- [Items listed in a dataset]:
================

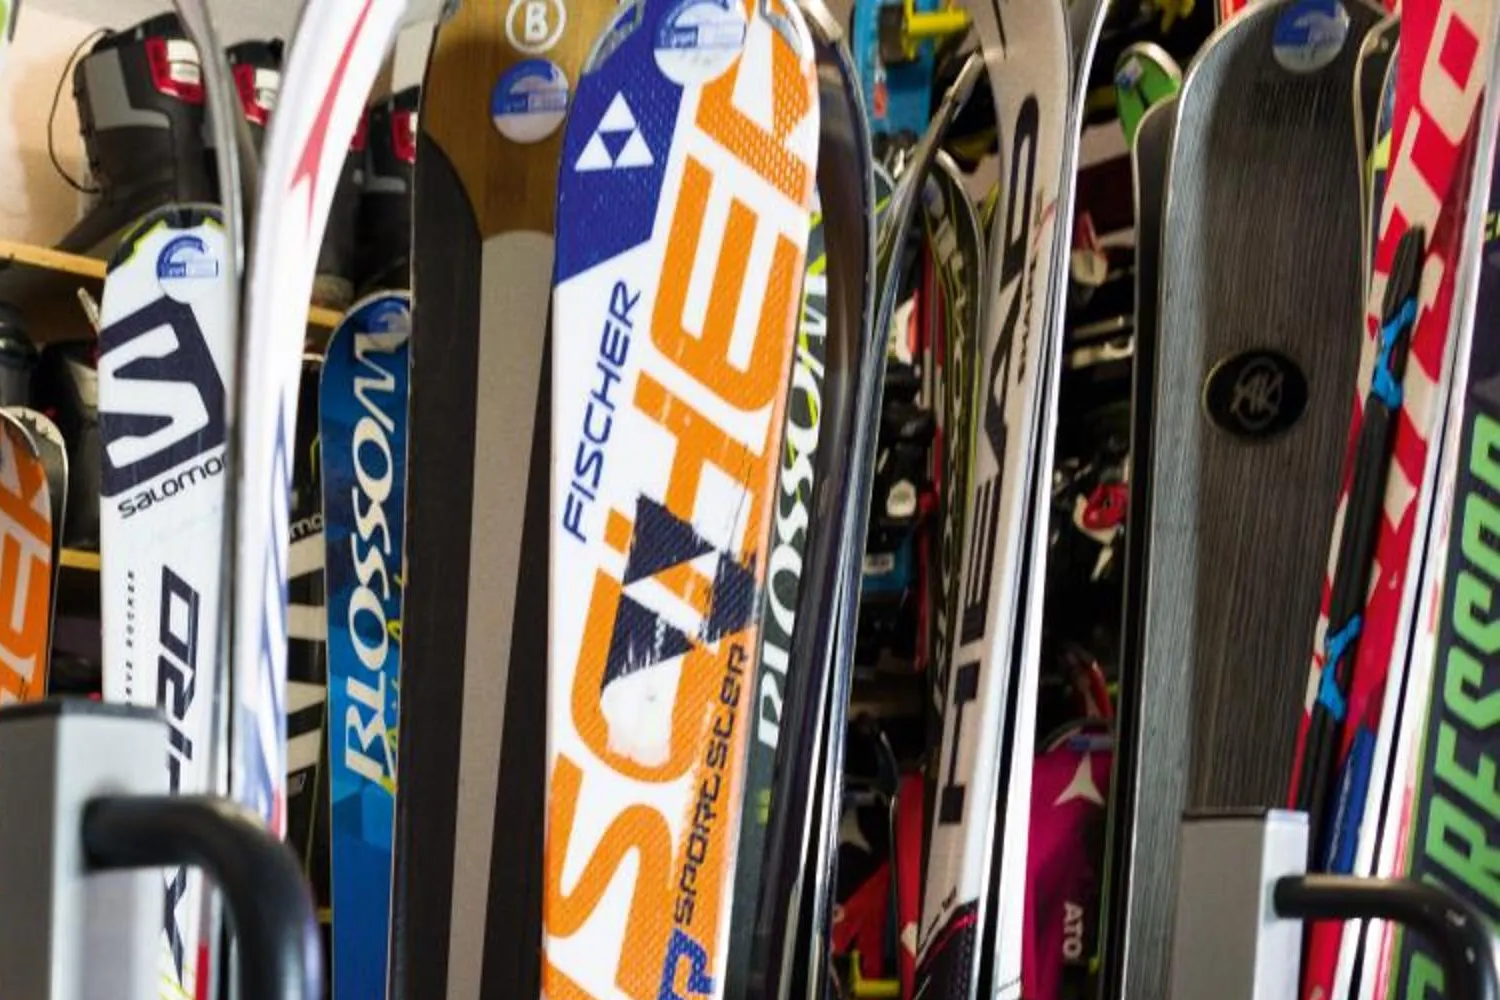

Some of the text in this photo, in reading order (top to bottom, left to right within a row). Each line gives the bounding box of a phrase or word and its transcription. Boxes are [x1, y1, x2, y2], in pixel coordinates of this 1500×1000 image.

[117, 452, 228, 521] salomo
[563, 279, 643, 543] FISCHER
[938, 93, 1039, 826] HEAD
[345, 332, 397, 793] BLOSSOM
[1062, 901, 1084, 960] ATO
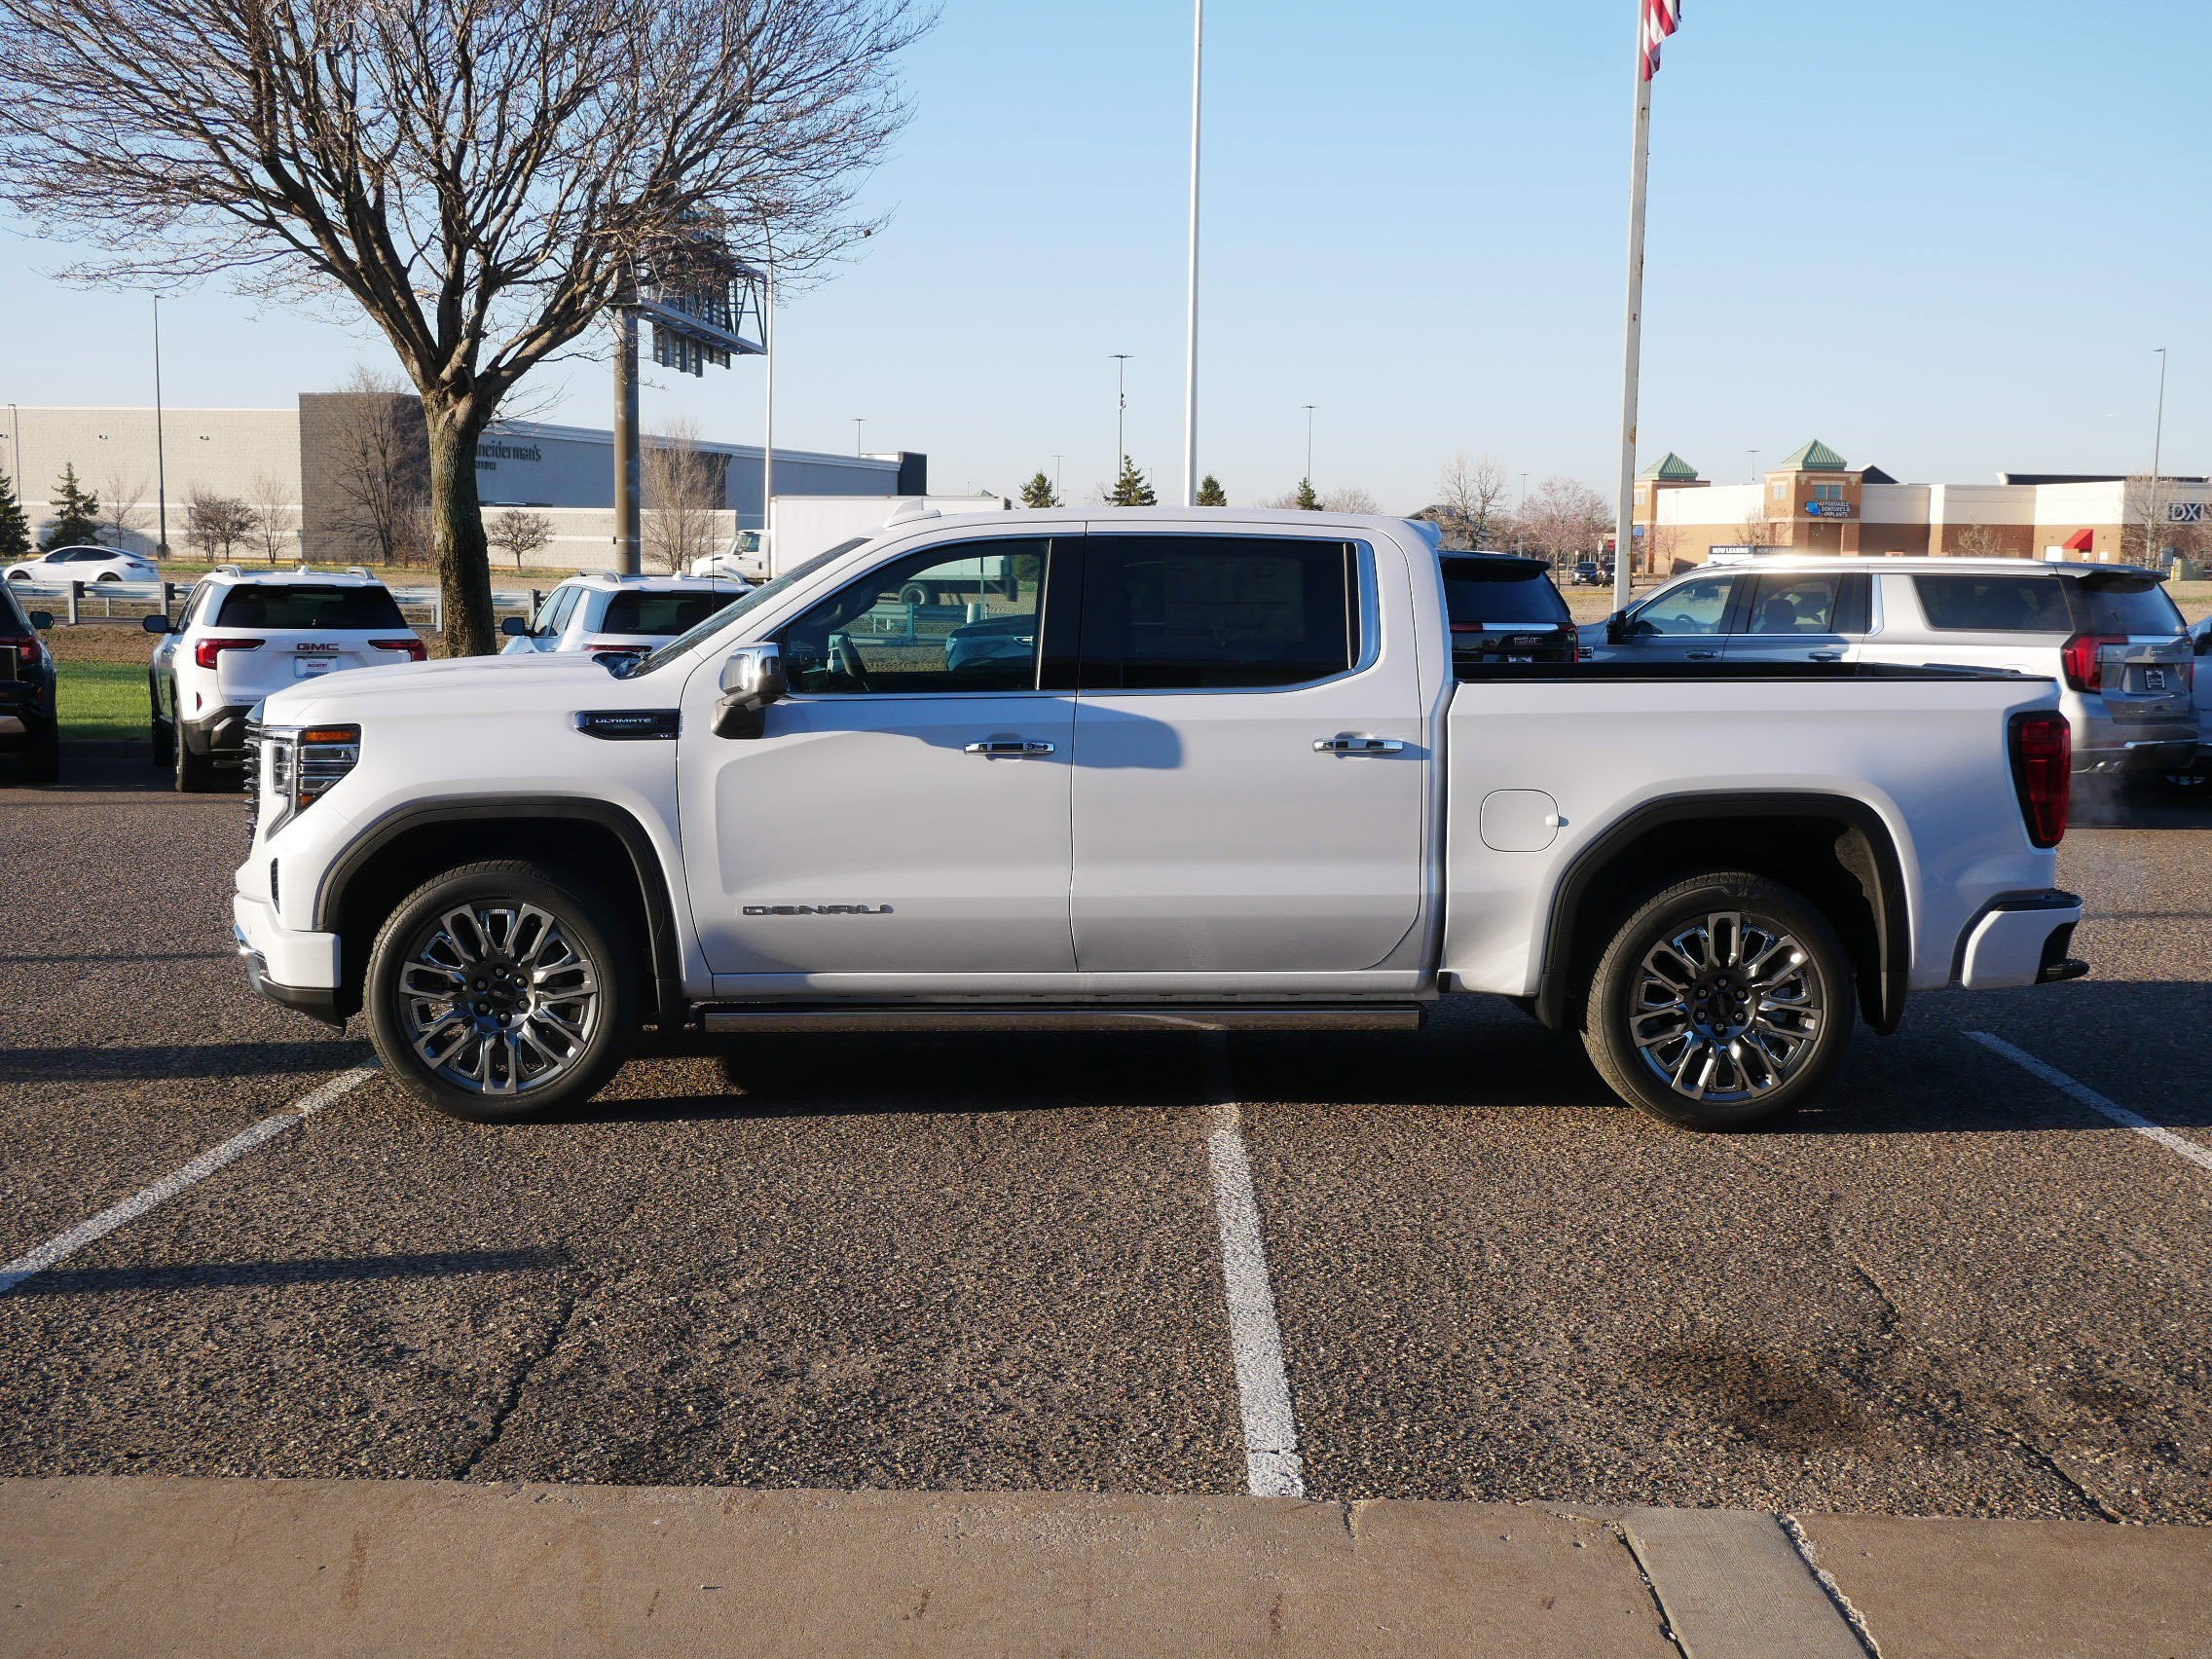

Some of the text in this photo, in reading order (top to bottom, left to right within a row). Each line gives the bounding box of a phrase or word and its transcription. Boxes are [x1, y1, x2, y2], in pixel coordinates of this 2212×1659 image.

[477, 441, 541, 461] neiderman's
[296, 643, 340, 651] GMC
[742, 904, 895, 915] DENALI
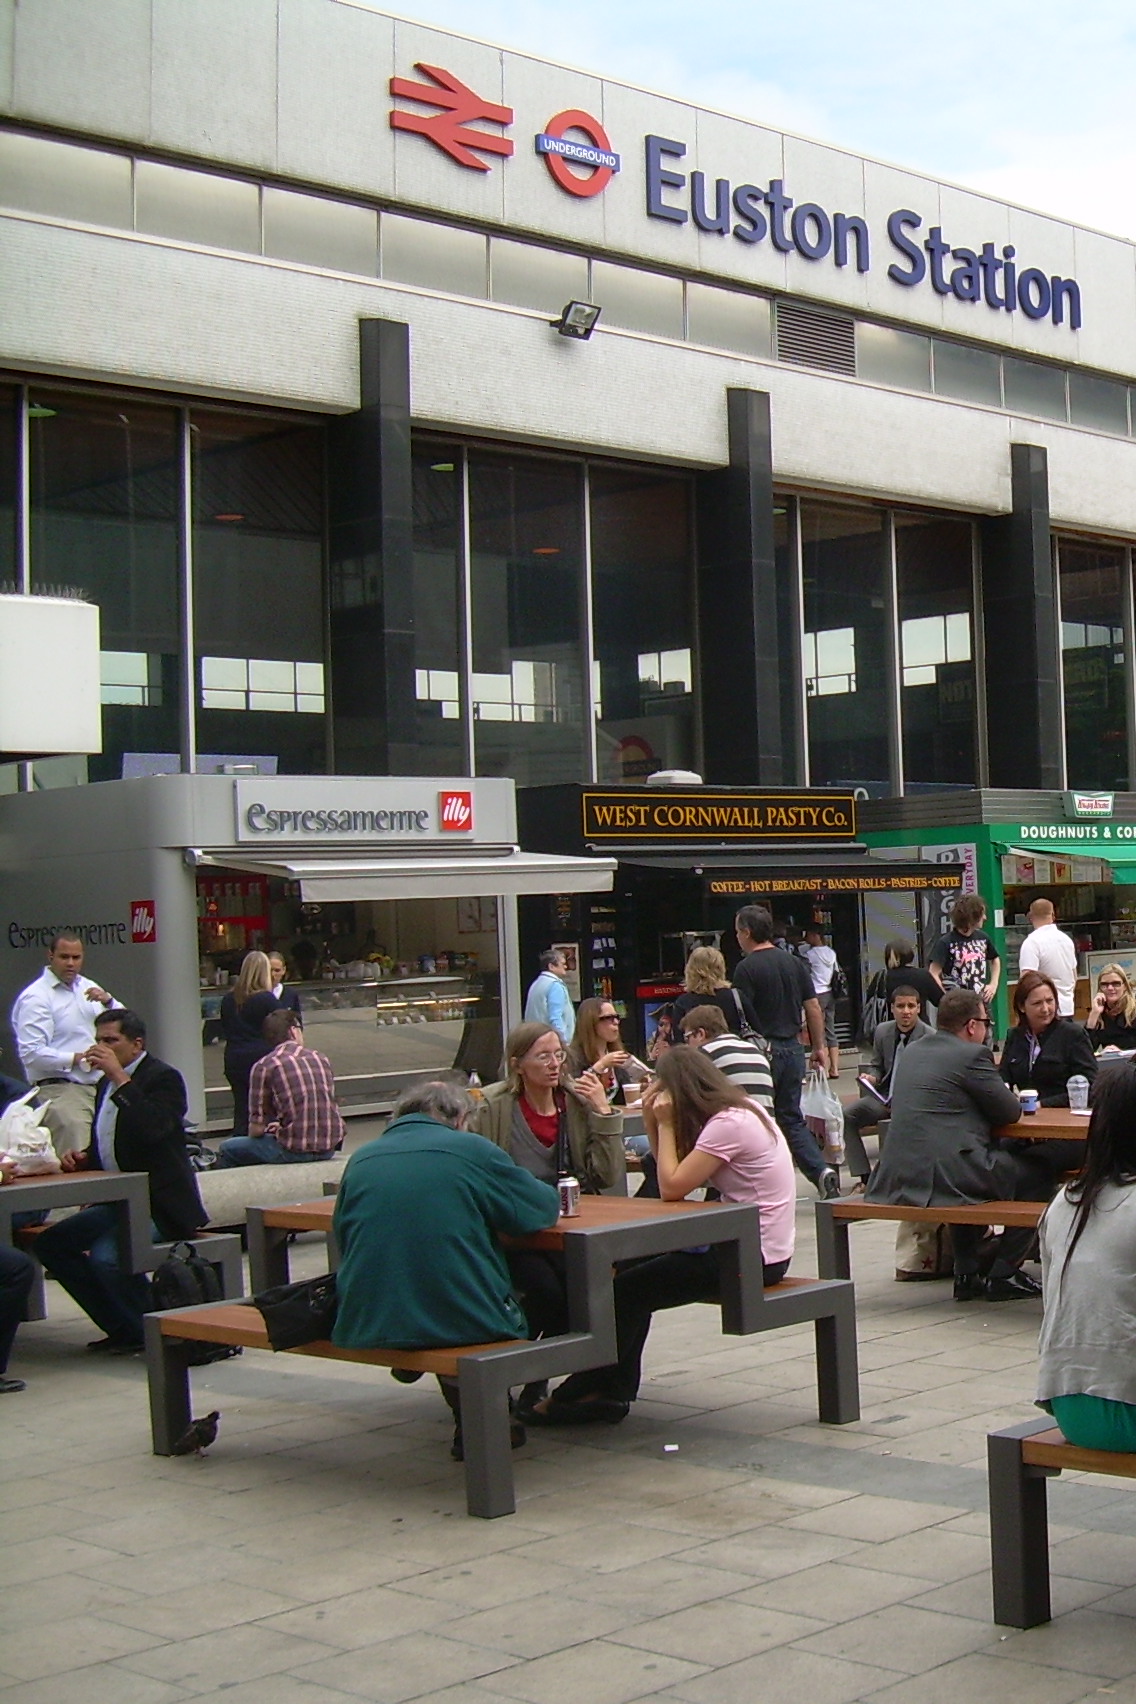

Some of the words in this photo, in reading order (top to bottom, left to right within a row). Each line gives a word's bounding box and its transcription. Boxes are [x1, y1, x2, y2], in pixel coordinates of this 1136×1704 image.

[543, 138, 617, 167] UNDERGROUND
[645, 133, 869, 274] Euston
[886, 208, 1082, 330] Station
[246, 802, 430, 833] espressamente
[442, 796, 471, 828] illy
[593, 805, 650, 828] WEST
[653, 805, 763, 828] CORNWALL
[766, 806, 821, 828] PASTY
[1020, 825, 1099, 839] DOUGHNUTS
[1102, 826, 1112, 839] &
[711, 880, 746, 893] COFFEE
[750, 880, 772, 892] HOT
[772, 879, 822, 892] BREAKFAST
[827, 878, 858, 890] BACON
[859, 877, 886, 889] ROLLS
[932, 876, 960, 888] COFFEE
[963, 847, 974, 894] VERYDAY
[132, 906, 154, 939] illy

================

- [INSTRUCTIONS FOR THE TASK]: None of the pictures should appear; the rest of the entries must be reproduced exactly.

- [WRITTEN SOLUTION]:
Some of the text in this photo, in reading order (top to bottom, left to right within a row). Each line gives the bounding box of a phrase or word and its transcription. Boxes are [x1, y1, x2, y2], in pixel coordinates of this 1500×1000 image.

[117, 452, 228, 521] salomo
[563, 279, 643, 543] FISCHER
[938, 93, 1039, 826] HEAD
[345, 332, 397, 793] BLOSSOM
[1062, 901, 1084, 960] ATO

Some of the text in this photo, in reading order (top to bottom, left to right within a row). Each line gives the bounding box of a phrase or word and its transcription. Boxes are [x1, y1, x2, y2], in pixel coordinates of this 2212×1659 image.

[477, 441, 541, 461] neiderman's
[296, 643, 340, 651] GMC
[742, 904, 895, 915] DENALI

Some of the words in this photo, in reading order (top to bottom, left to right within a row). Each line gives a word's bounding box and its transcription. Boxes are [x1, y1, x2, y2], in pixel coordinates of this 1136×1704 image.

[543, 138, 617, 167] UNDERGROUND
[645, 133, 869, 274] Euston
[886, 208, 1082, 330] Station
[246, 802, 430, 833] espressamente
[442, 796, 471, 828] illy
[593, 805, 650, 828] WEST
[653, 805, 763, 828] CORNWALL
[766, 806, 821, 828] PASTY
[1020, 825, 1099, 839] DOUGHNUTS
[1102, 826, 1112, 839] &
[711, 880, 746, 893] COFFEE
[750, 880, 772, 892] HOT
[772, 879, 822, 892] BREAKFAST
[827, 878, 858, 890] BACON
[859, 877, 886, 889] ROLLS
[932, 876, 960, 888] COFFEE
[963, 847, 974, 894] VERYDAY
[132, 906, 154, 939] illy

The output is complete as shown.